From a squad-structure perspective, Union II’s XI is built around a young, flexible core. A. Rick anchors them from the back, with G. Sequera, F. Sundstrom, R. Uzcategui, and J. Griffin forming the backbone of a defensive line that has conceded 11 goals in total league play—8 at home and 3 away—with an overall average of 1.1 goals against per match. In possession, the tempo is set by K. LeBlanc, O. Benitez, and M. De Paula, while N. Hasan and S. Korzeniowski provide the connective tissue between midfield and the advanced zones. M. Jakupovic leads the line, tasked with making the most of a modest but consistent attacking output: 13 total goals this season, with averages of 1.3 at home and 1.3 away.

Richter’s bench offers a blend of defensive insurance and late-game energy: P. Holbrook as the reserve goalkeeper, A. Craig and K. Moore as structural reinforcements, and attacking sparks like O. Pratt, J. Ruf, and L. Harrington. T. Gladstone, M. Berthe, and A. Diop round out a substitutes group built to change the rhythm rather than simply cover positions.

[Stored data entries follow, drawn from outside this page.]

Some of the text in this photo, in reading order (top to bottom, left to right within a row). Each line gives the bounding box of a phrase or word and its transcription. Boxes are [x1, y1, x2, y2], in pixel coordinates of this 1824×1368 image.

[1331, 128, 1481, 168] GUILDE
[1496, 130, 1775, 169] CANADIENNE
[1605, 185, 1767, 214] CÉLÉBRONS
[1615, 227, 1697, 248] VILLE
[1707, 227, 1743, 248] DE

On the other side, Columbus Crew II’s starting XI reflects Higuain’s philosophy of proactive, ball-playing football. L. Pruter is the last line behind a back unit featuring B. Adu-Gyamfi, Q. Elliot, R. Aoki, and I. Heffess. The midfield triangle of T. Brown, K. Gbamble, and N. Rincon is designed to compress space and spring transitions, while J. Chirinos, Z. Zengue, and C. Adams give the front line its movement and pressing intensity. This is a team that, over the season, scores freely—20 total goals, averaging 2.2 at home and 1.5 on their travels—but pays a price defensively, especially away, where they concede 2.3 goals per match and have allowed 14 of their 18 total goals against.

Matchup Insights

The “Hunter vs Shield” matchup in this tie is less about individual scorers—no top-scorer data is provided—and more about systemic tendencies. Crew II’s attack, which has produced 9 away goals in league play, runs into a Union II defense that, at home, allows an average of 1.1 goals per match and has already recorded 2 clean sheets in front of their own crowd. Conversely, Union II’s attack, averaging 1.3 goals at home, faces a Crew II back line that has been porous on their travels, with 14 away goals conceded and no away clean sheets.

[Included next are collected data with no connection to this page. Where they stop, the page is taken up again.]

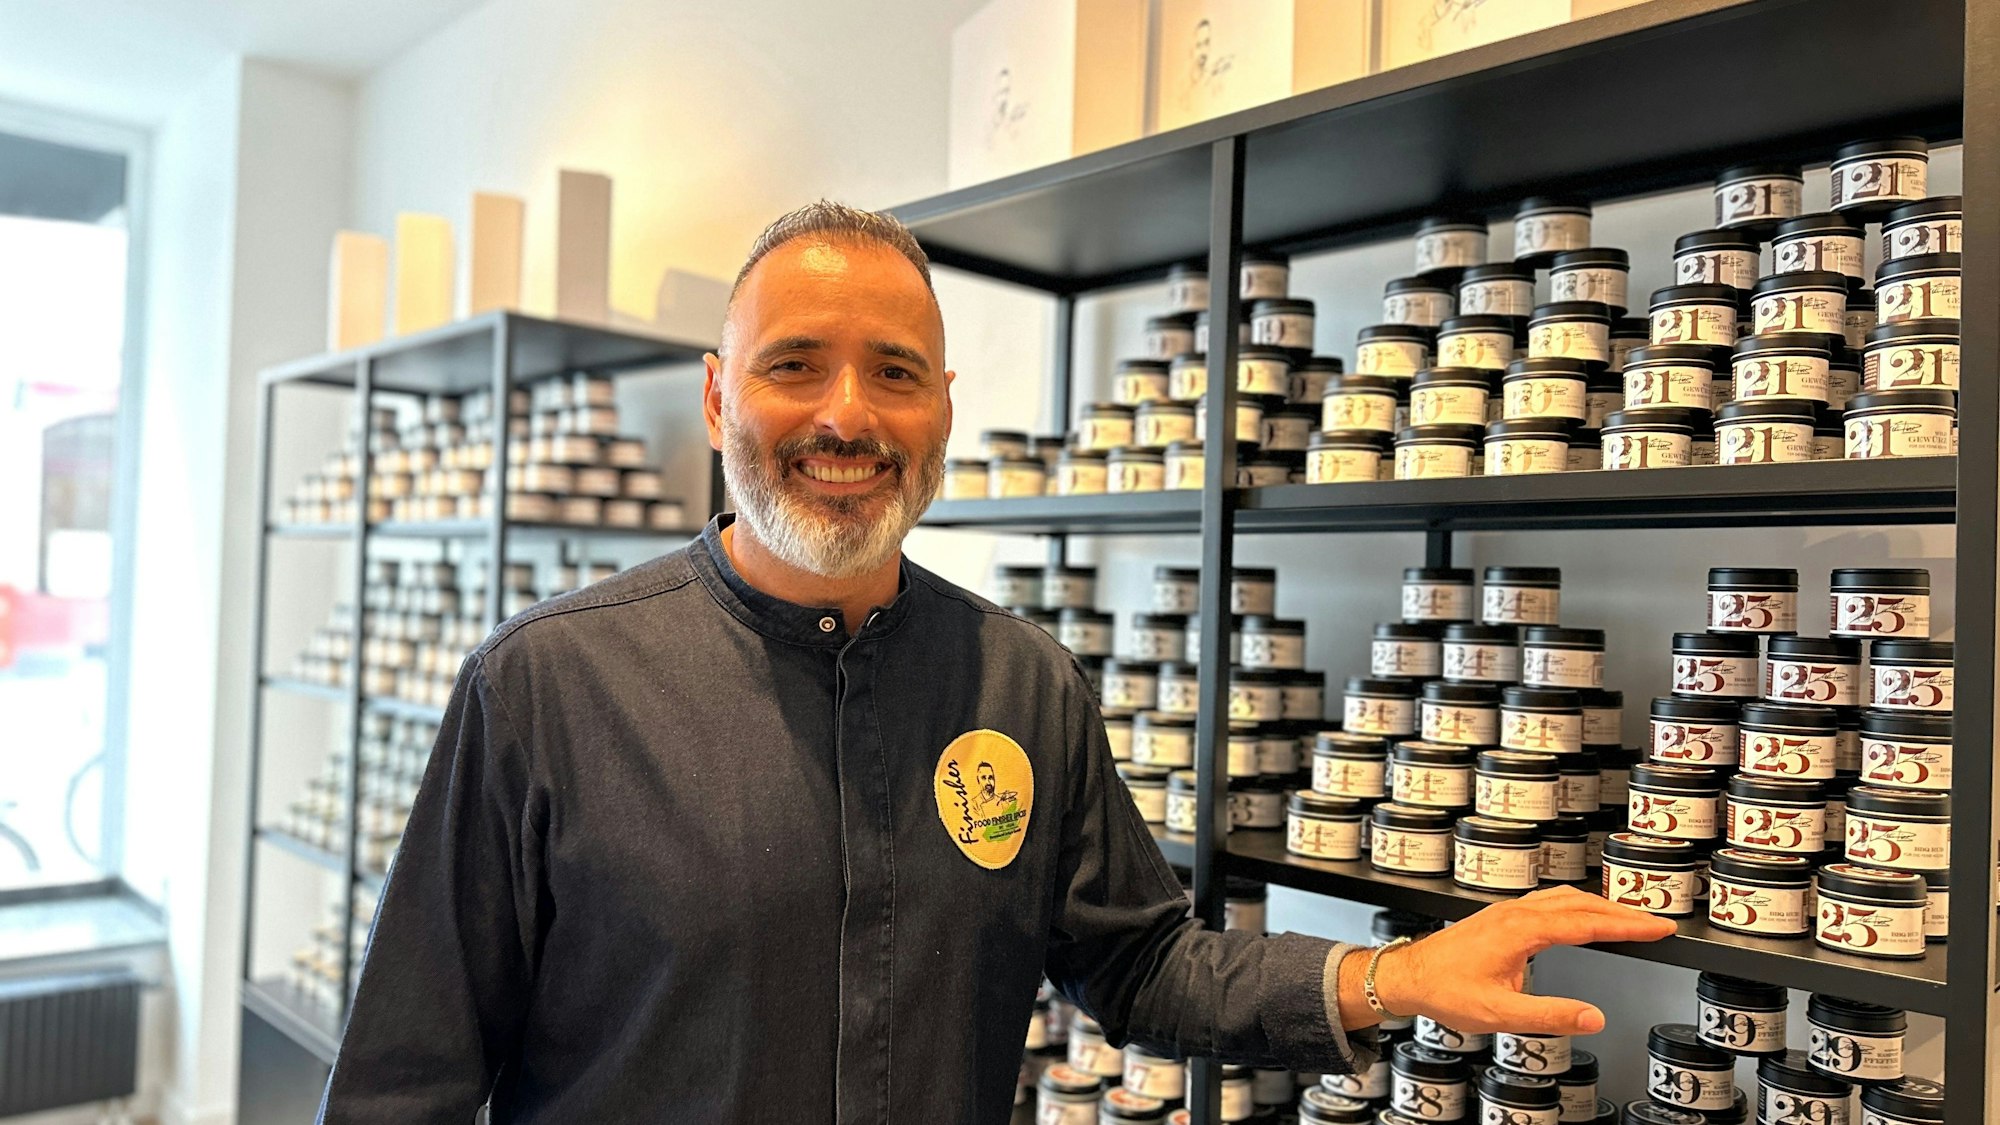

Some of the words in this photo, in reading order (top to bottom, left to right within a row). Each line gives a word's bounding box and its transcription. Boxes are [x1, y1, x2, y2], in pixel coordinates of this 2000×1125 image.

[1850, 162, 1907, 198] 21
[1728, 184, 1773, 219] 21
[1781, 240, 1824, 273] 21
[1899, 224, 1948, 254] 21
[1681, 253, 1721, 284] 21
[1760, 295, 1814, 334] 21
[1884, 281, 1943, 323] 21
[1659, 308, 1708, 344] 21
[1743, 360, 1797, 397] 21
[1889, 347, 1952, 387] 21
[1630, 370, 1680, 406] 21
[1727, 427, 1777, 465] 21
[1849, 418, 1903, 459] 21
[1718, 594, 1773, 628] 25
[1845, 596, 1906, 633] 25
[1675, 658, 1726, 692] 25
[1779, 664, 1838, 701] 25
[1875, 669, 1943, 707] 25
[1661, 725, 1714, 761] 25
[1752, 735, 1811, 774] 25
[1868, 743, 1929, 784] 25
[942, 759, 979, 844] Finisher
[1631, 794, 1678, 833] 25
[973, 819, 991, 828] FOOD
[1743, 808, 1803, 848] 25
[1848, 819, 1902, 862] 25
[1616, 870, 1672, 910] 25
[1711, 882, 1757, 926] 25
[1820, 901, 1879, 948] 25
[1704, 1007, 1756, 1047] 29
[1501, 1035, 1548, 1072] 28
[1810, 1027, 1862, 1072] 29
[1400, 1081, 1443, 1118] 28
[1653, 1063, 1701, 1105] 29
[1773, 1093, 1832, 1125] 29

In the “Engine Room,” the battle between Union II’s central trio—LeBlanc, Benitez, De Paula—and Crew II’s Brown, Gbamble, and Rincon is where the match’s tactical story is written. Union II need that unit to control tempo and reduce transitional chaos, especially in those minutes where their card profile spikes. Crew II’s midfield, by contrast, thrives when the game becomes stretched, using their higher total scoring average of 1.8 goals per match to tilt matches into shootouts that their attacking depth can win.

Statistically, the prognosis heading into a matchup between these two profiles always leaned toward volatility rather than control. Union II’s season without a single draw in 10 matches, combined with Crew II’s zero draws in 11, points to binary outcomes and high emotional load. Both sides have yet to win a penalty in league play—each with 0 total penalties, 0 scored, 0 missed—so the drama at Subaru Park going all the way to an 8–7 shootout felt like an escalation beyond their usual statistical script.

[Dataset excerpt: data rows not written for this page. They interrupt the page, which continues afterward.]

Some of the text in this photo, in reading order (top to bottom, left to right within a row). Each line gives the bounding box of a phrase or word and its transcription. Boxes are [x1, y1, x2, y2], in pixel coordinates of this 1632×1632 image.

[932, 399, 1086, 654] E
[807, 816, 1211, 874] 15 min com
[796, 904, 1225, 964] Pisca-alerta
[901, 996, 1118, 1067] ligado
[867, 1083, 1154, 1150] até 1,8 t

Following this result, the numbers and the narrative align: Columbus Crew II’s higher ceiling in attack and their willingness to live with defensive risk ultimately carried them through a finely poised contest, while Philadelphia Union II once again walked the thin line between promise and punishment. The margins were penalties-thin, but the underlying squad profiles explain why this tie was always destined to be decided at the very edge of control.